I have high hopes for the language API as well, but this could be taken one step further. The OpenAPI needs to leave the current state of "arcane secret" to something more open (duh) and documented.

An IDEA release with a full set of detailed, comprehensive OpenAPI documentation would be a big plus, really. The WoW factor could come from the statement "Complete plug-in support", and market it in a similar way Eclipse does.

Right now you say "primitive
supoport for javascript" but
I think eventually it will be "smart support for
javascript, groovy, Jython,
JRuby, Tcl, C#" and who knows what other languages
people will write plugins
for.


I hope you're right! I'm particularly interested in JRuby myself. Now if only they bring it up to ruby 1.8 compliance...
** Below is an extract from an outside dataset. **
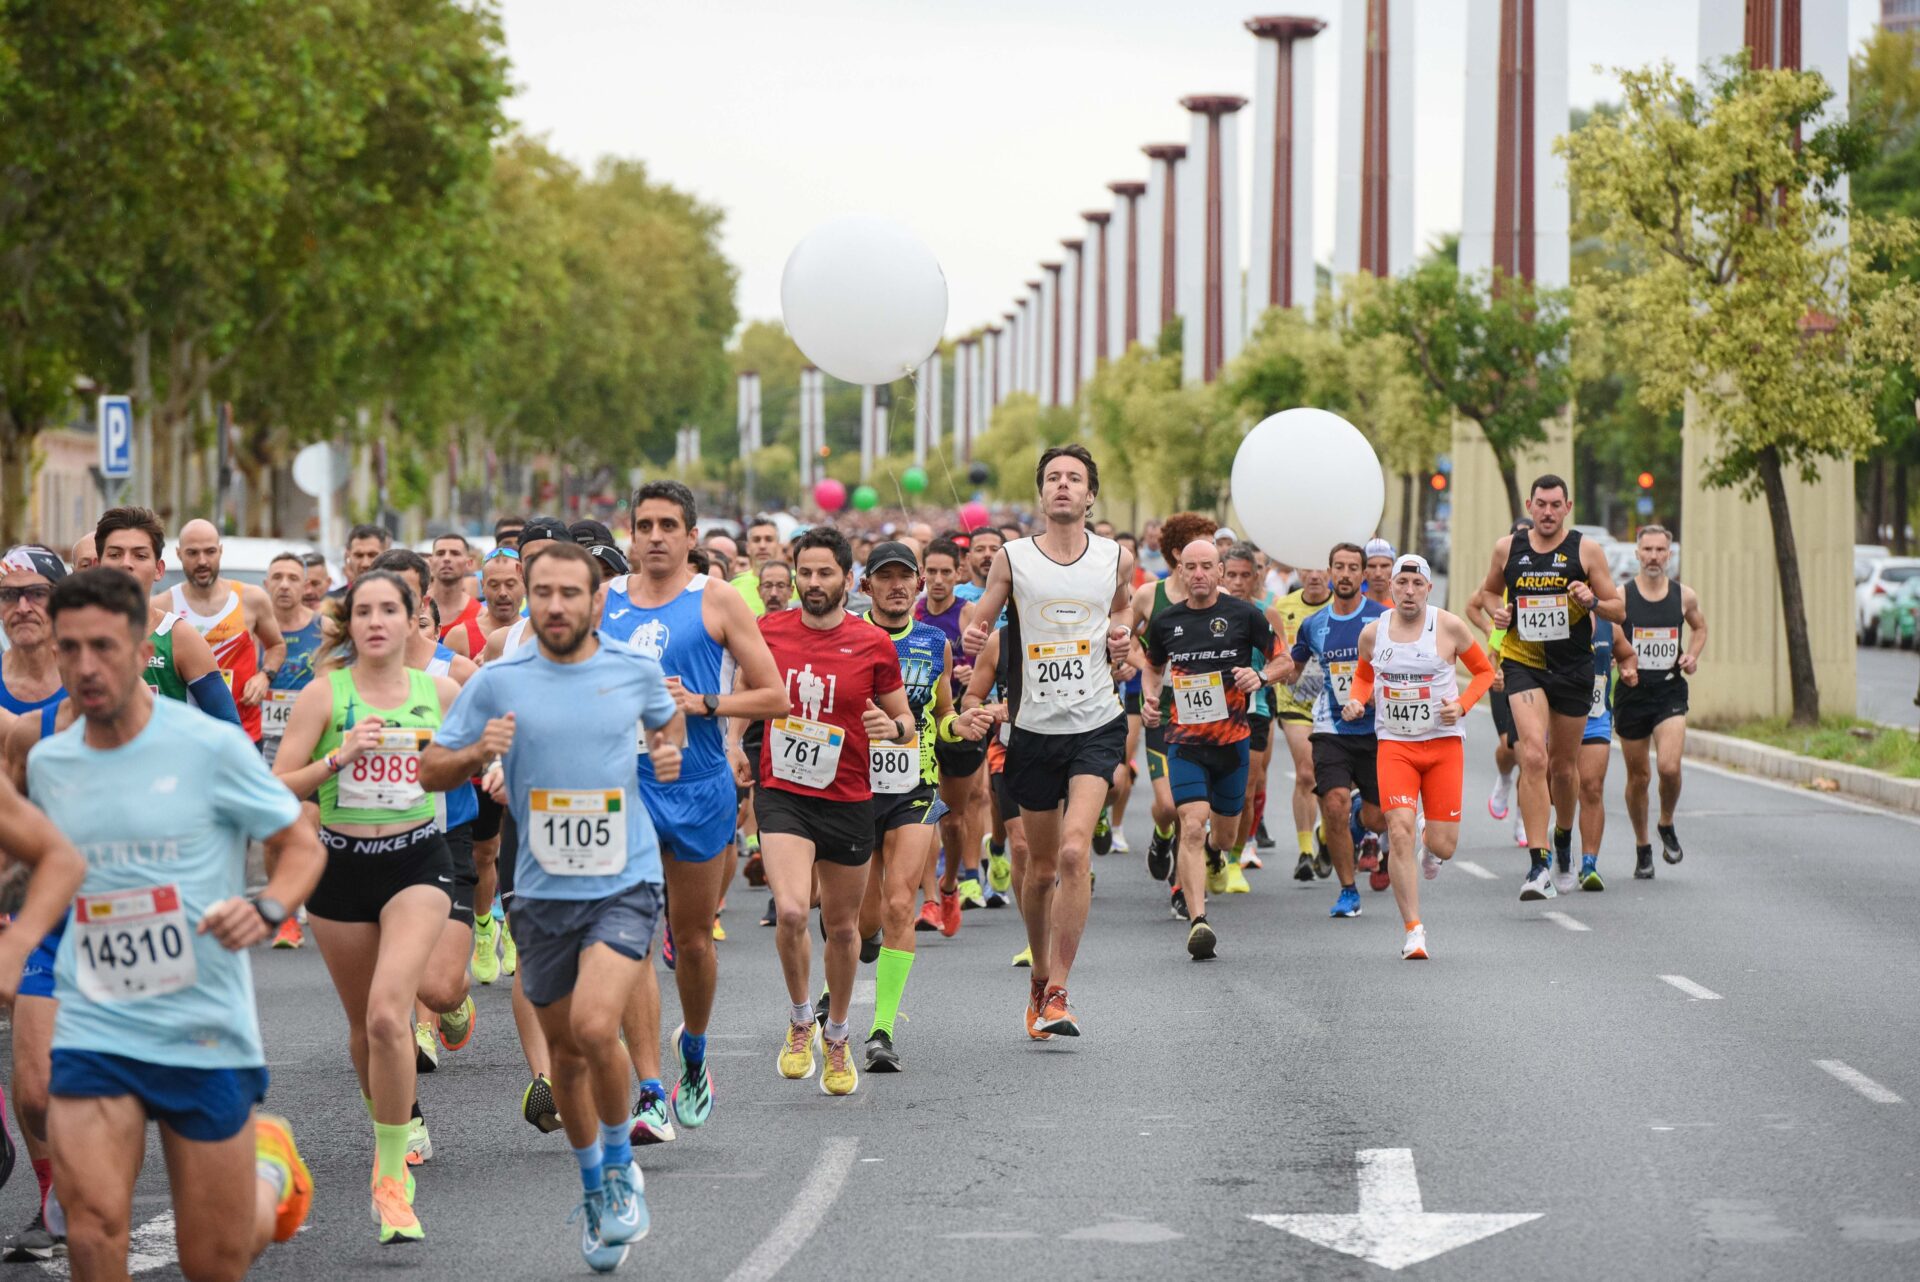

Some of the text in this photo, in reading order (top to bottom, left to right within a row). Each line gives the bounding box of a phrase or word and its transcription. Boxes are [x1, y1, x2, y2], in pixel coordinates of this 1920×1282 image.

Also, the HTML/CSS support is, as far as I've
seen, better (for me)
than any other web development IDE like Dreamweaver
or Nvu.


Yes, except we don't have a visual designer. And comparing to Visual Studio, we are unfortunately still lagging behind for just a bit.
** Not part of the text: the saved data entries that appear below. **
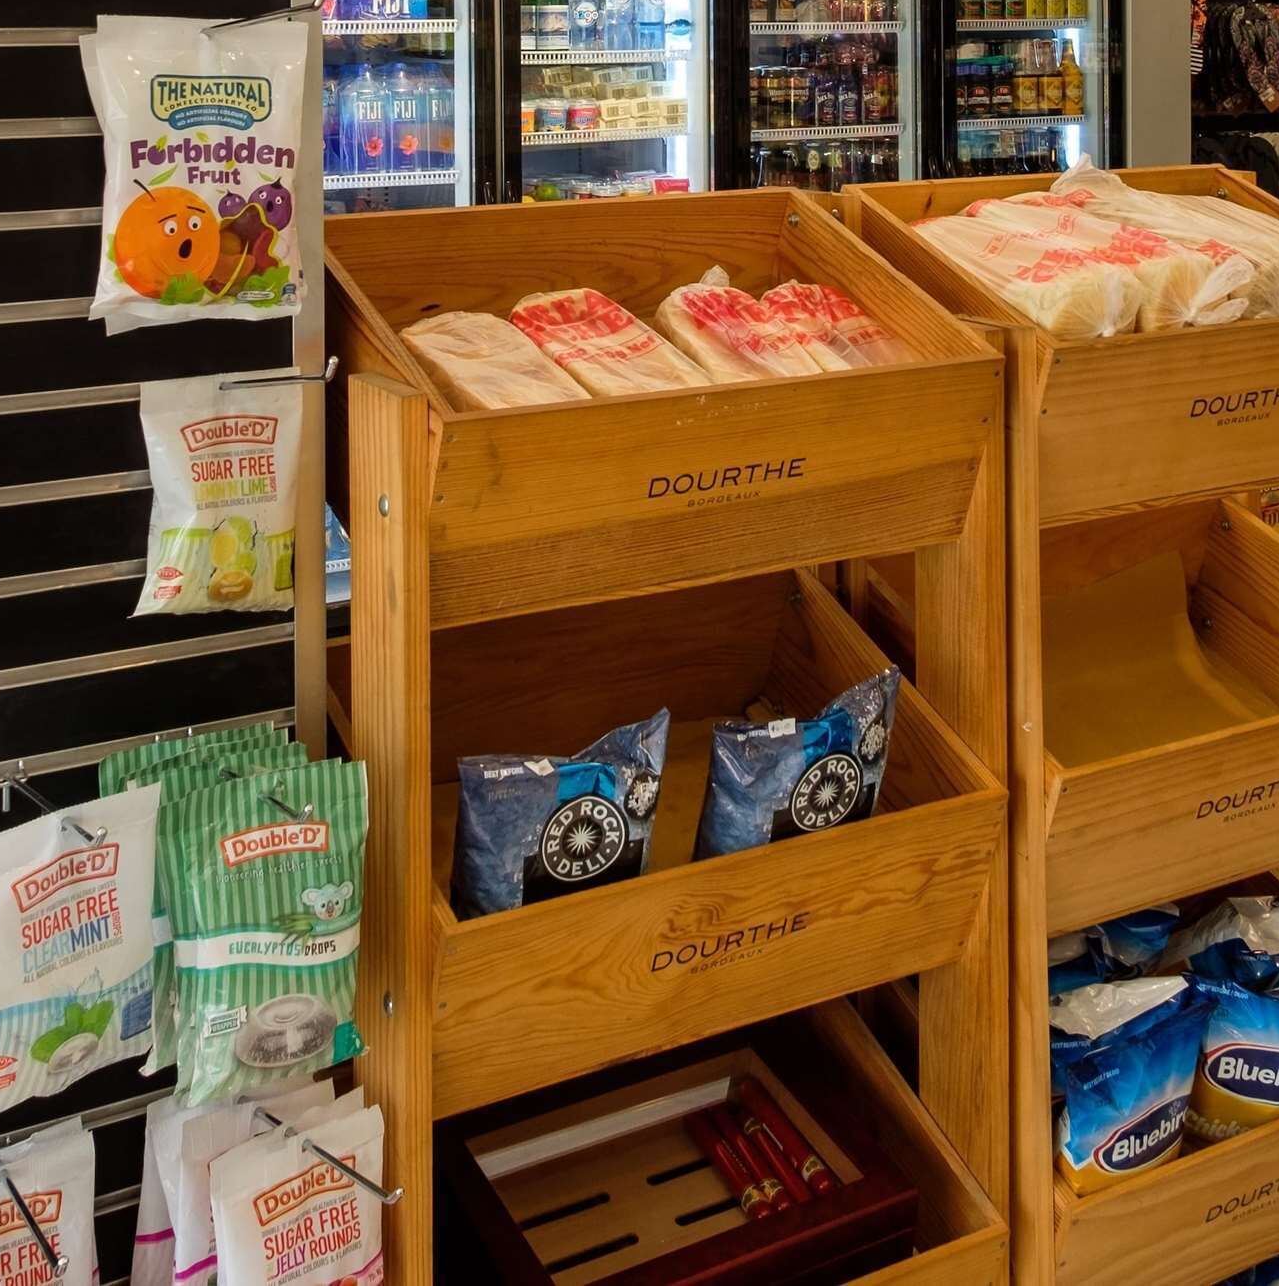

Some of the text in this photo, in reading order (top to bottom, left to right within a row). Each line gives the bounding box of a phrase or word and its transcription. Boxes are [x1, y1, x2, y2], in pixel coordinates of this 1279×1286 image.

[157, 81, 265, 107] THE NATURAL
[164, 97, 242, 112] CONFECTIONERY
[357, 100, 384, 121] FIJI
[393, 100, 417, 120] FIJI
[130, 137, 295, 169] Forbidden
[187, 166, 240, 185] Fruit
[191, 455, 275, 482] SUGAR FREE
[648, 458, 806, 498] DOURTHE
[240, 477, 269, 496] LIME
[796, 759, 856, 807] RED ROCK
[548, 801, 620, 854] RED ROCK
[803, 804, 845, 828] DELI
[557, 854, 608, 877] DELI
[22, 888, 119, 949] SUGAR FREE
[651, 912, 810, 973] DOURTHE
[264, 1197, 359, 1260] SUGAR FREE
[18, 1233, 61, 1269] FRE
[270, 1221, 360, 1279] JELLY ROUNDS
Now, if you add Fabrique to the equation, things are different. Unfortunatelly, Fabrique is not for everyone. Most people out there are already commited to a web framework (as much as they hate it) and can't have the luxury to use something like Fabrique.

Of course JB probably knows better than you and I
about all this. They've
been releasing IDEA for years and they probably know
what will work and what
won't.


Of course, I'm not trying to say what JetBrains should do. I'm just providing feedback, which they may or may not find some value in it.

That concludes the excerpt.